I have often said that I am most comfortable with things made of wood; I am a man of the Nineteenth Century. I was uncomfortable in the Twentieth, and am distinctly ill at ease in the Twenty-first. I do not care for electronic gadgets, and am trying my best to get them out of my life. Alas, I cannot. I use my computer to write, as it is far more versatile and efficient than my old typewriter, and my cell phone is connected to my home burglar alarm. Two Christmases ago, my older son gave me a Kindle, possession of which I had carefully avoided, but I must admit that I have read a couple of dozen books on it since.

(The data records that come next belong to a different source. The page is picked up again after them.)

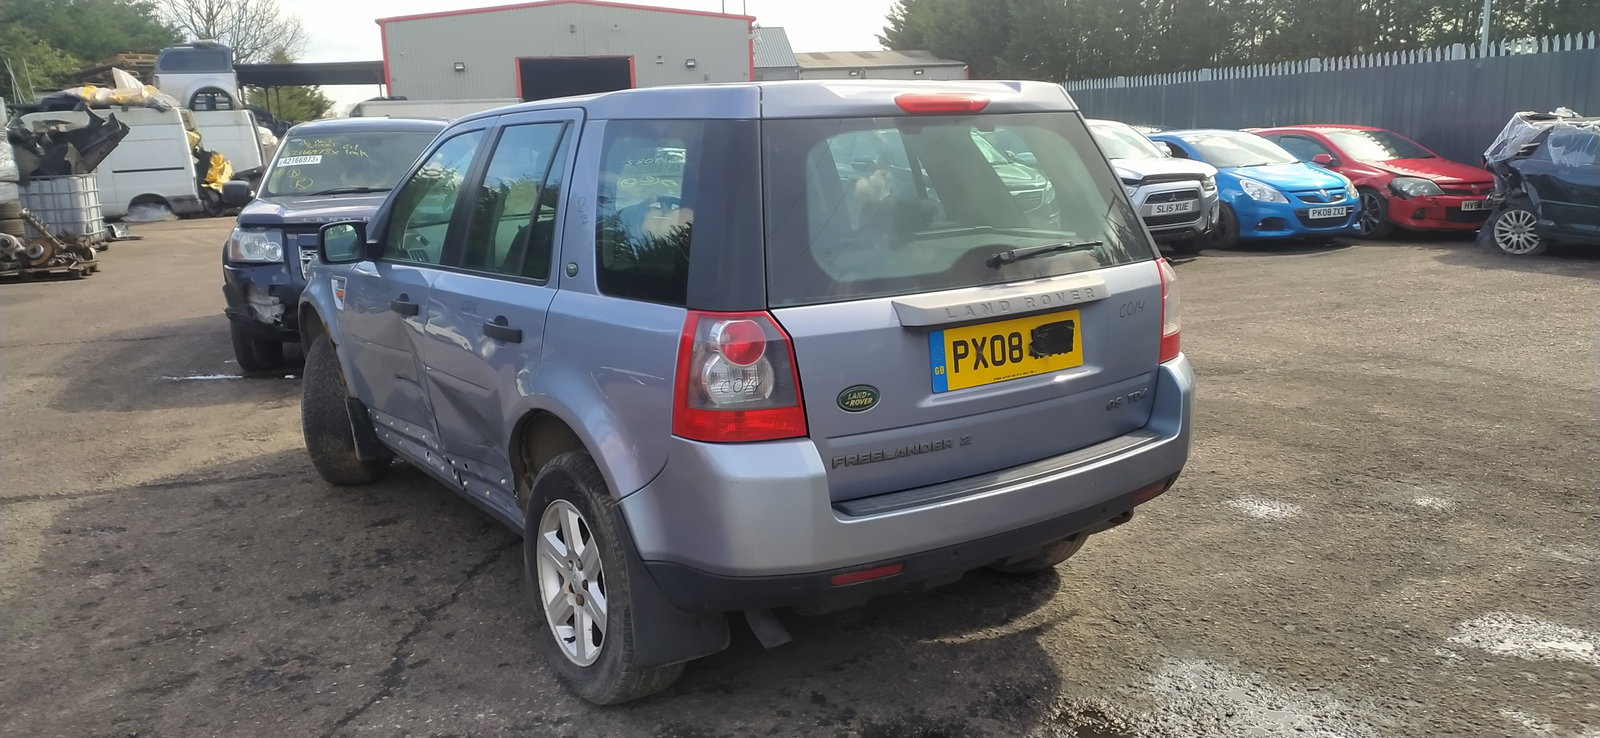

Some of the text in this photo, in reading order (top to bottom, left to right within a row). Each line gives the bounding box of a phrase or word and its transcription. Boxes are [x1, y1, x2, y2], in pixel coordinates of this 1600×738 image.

[1156, 201, 1190, 214] SL15 XUE
[1312, 207, 1345, 218] PK08 ZXZ
[945, 287, 1096, 321] LAND ROVER
[952, 331, 1024, 374] PX08
[934, 365, 945, 376] GB
[847, 390, 868, 400] LAND
[849, 396, 874, 407] ROVER
[831, 433, 972, 470] FREELANDER 2
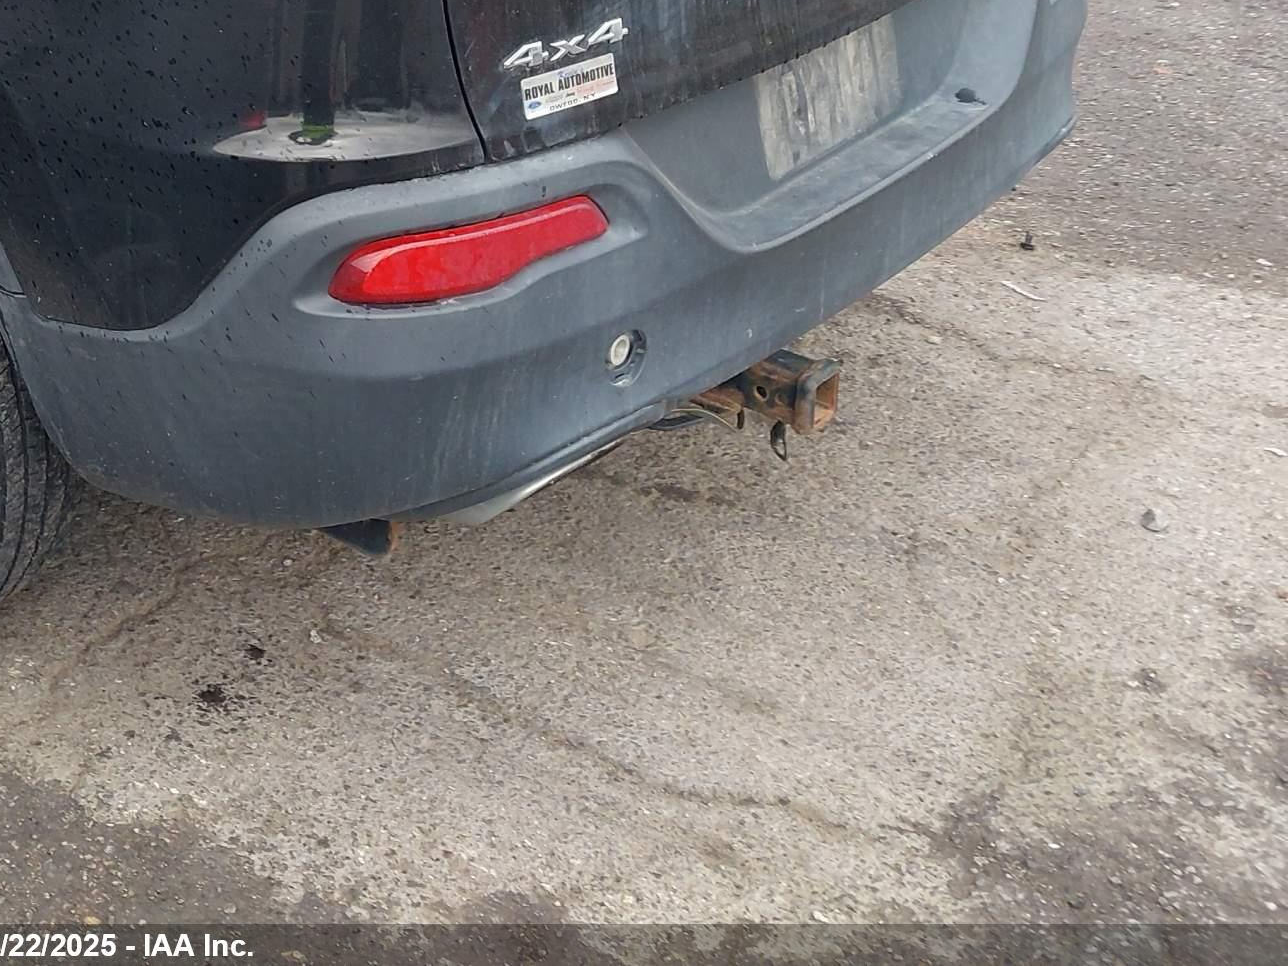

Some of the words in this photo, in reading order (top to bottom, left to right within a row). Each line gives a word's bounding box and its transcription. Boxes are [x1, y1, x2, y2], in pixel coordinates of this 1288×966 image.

[503, 17, 629, 70] 4x4
[524, 81, 555, 101] ROYAL
[558, 63, 614, 91] AUTOMOTIVE

It is an excellent tool for research, which is half of what I do for a living, enabling me to acquire the text of a book (not the book itself) quickly and inexpensively. I read as much of it as my project requires, and then am not obliged to find shelf space for the rest of it. Nor does it collect much dust. As for all the other gadgets, I have successfully resisted them to this point.
Sixty years ago, the poet Lawrence Ferlinghetti wrote that he was waiting for the rebirth of wonder. I am watching it die, having the life strangled out of it by high technology. Call it a kind of romanticism, if you will; and I suppose it is - a kind of nostalgia. It is nostalgia for a time when there was quaint charm in distance and piquant anxiety in not knowing; when curiosity was driven by that which we had trouble finding out, and mystery had an allure reserved only to Garbo: silent, aloof, and perfect in its inscrutability. Now all these things are fading like daguerreotypes from the American frontier, to be replaced with more and more pixilated images of anything and everything we want to know and don't need to.

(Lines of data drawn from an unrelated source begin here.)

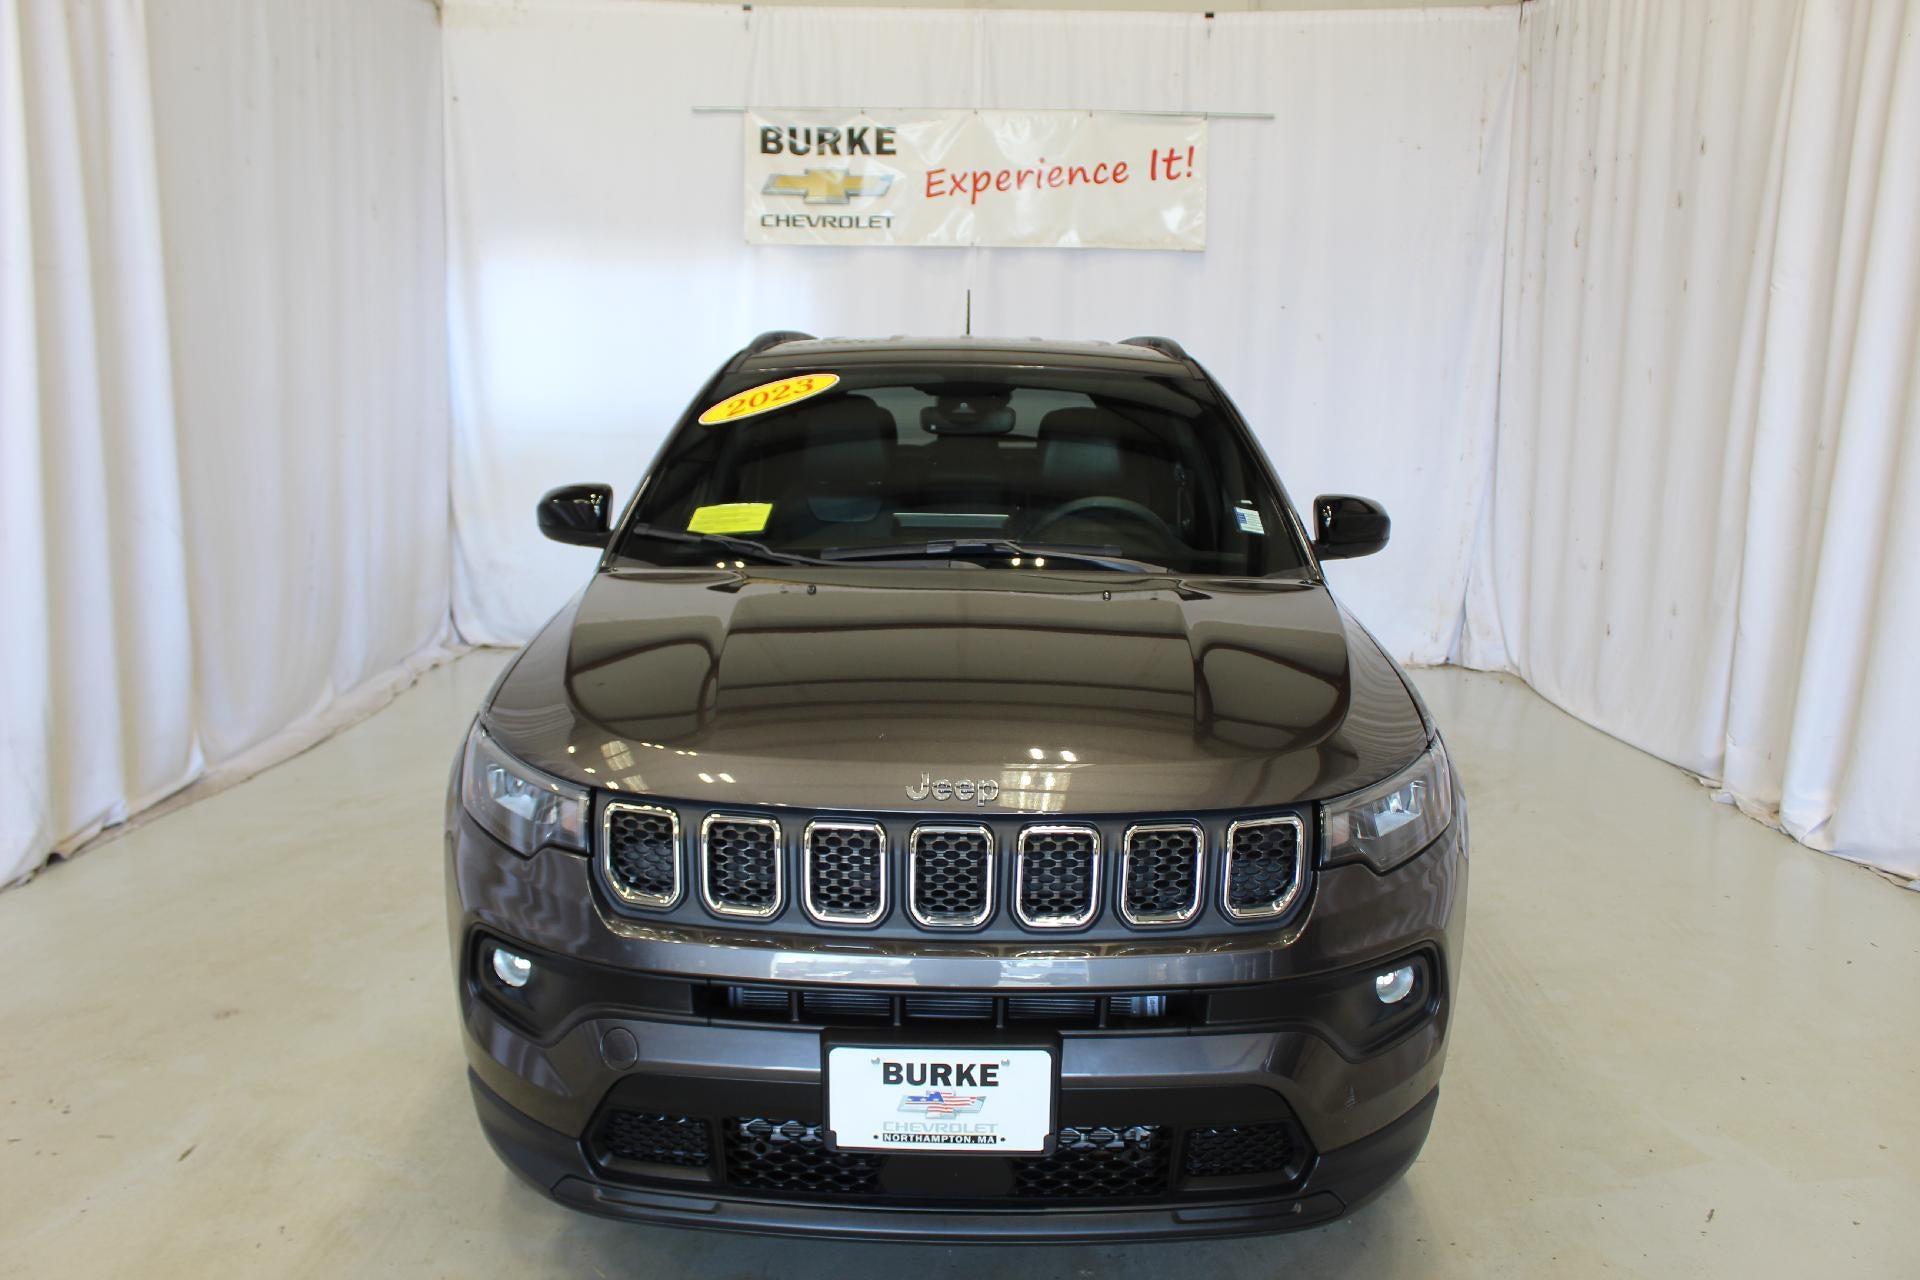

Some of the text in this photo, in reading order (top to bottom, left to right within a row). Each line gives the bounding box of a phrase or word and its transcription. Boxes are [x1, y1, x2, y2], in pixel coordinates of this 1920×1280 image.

[760, 126, 896, 155] BURKE
[925, 145, 1195, 205] Experience It!
[760, 213, 895, 229] CHEVROLET
[726, 378, 814, 417] 2023
[905, 771, 999, 807] Jeep
[882, 1062, 999, 1087] BURKE
[882, 1121, 998, 1133] CHEVROLET
[977, 1135, 995, 1144] MA

Please don't misunderstand: I appreciate the fact that high tech has made our lives easier (though in the latter half of the Twentieth Century they weren't all that unbearable) but it has also made them more precarious. In prior ages, it took drought or disease or barbarians to destroy a civilization; now it can be done by a solar flare or a cyber attack. Take Target, for example: At a stroke, the identities of 40 million people were placed in peril by some mischievous kid in the Ukraine, and for the capital sin of Christmas shopping. I know... I was one of them. And so if high tech has made getting along easier, it has likewise made going under inevitable.

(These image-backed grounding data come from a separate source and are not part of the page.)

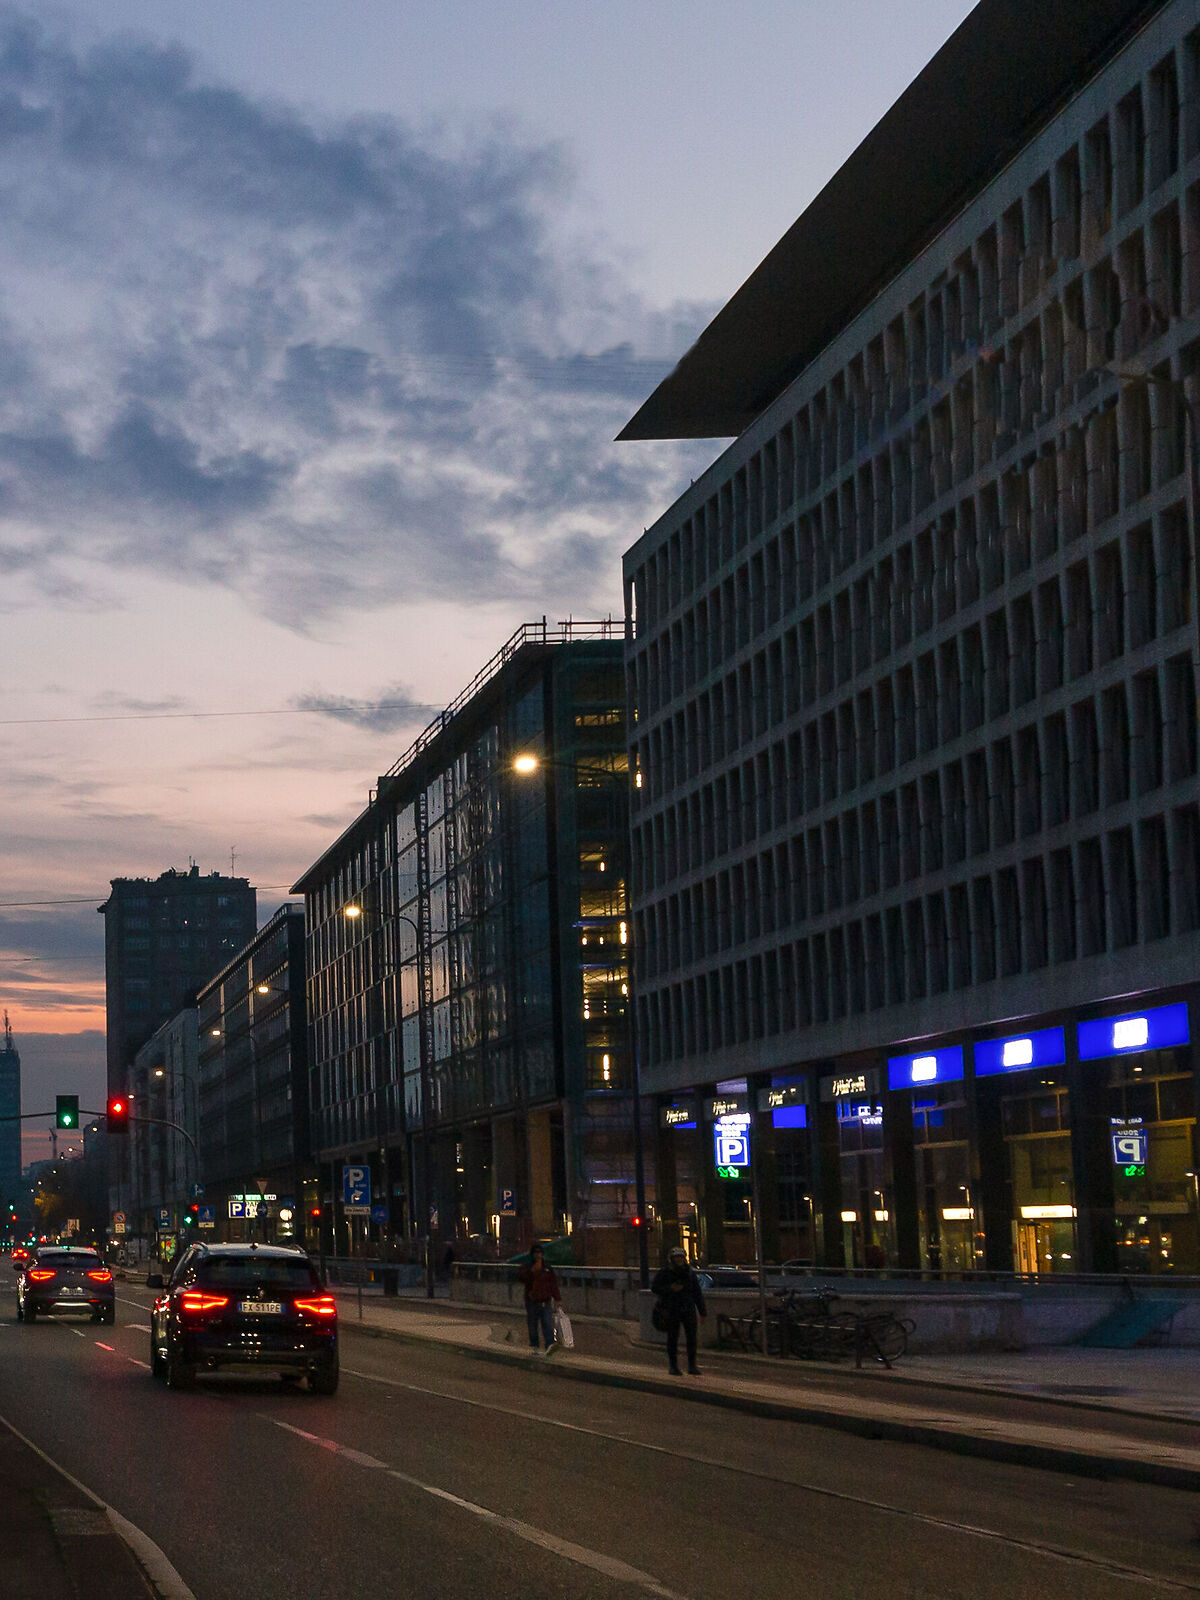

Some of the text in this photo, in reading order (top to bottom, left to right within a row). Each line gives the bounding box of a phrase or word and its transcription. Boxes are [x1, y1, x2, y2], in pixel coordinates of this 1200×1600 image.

[722, 1139, 742, 1163] P
[349, 1169, 364, 1188] P
[503, 1190, 512, 1201] P
[160, 1210, 168, 1219] P
[232, 1203, 243, 1216] P

The irony, of course, is that, now that we can know virtually anything instantaneously by looking it up on a smartphone, most of us seem to know nothing much of anything worth knowing. We don't understand, for example, that all this convenience and its concomitant dependence have made us horribly vulnerable. Every day I witness my fellow citizens numbly trading their individual liberty for electronic connectedness. We are accepting the death of personal privacy for the promise of collective convenience. And as the vacuum of liberty deepens, the government, as our Founders warned us, is only too eager to step in and fill it. We watched, just yesterday, as the president offered token fixes for massive domestic spying, unable to specify how even those bandaids would be applied, thereby confessing both his personal ignorance of the true nature of the problem, and his servile acquiescence to the faceless forces that are threatening the very existence of liberty in this nation. And the media, faithful curs that they are, blandly nodded Yes.
In the wonderful play "Marat/Sade," one of the revolutionaries exclaims: Don't believe them when they tell you that you've never had it so good; that is merely the slogan of those who have that much more than you! I would echo that warning to our gadget-dependent culture: Don't believe those who tell you that you've never had access to so much information; that is merely the slogan of those who know that much more than you - and are keeping it secret.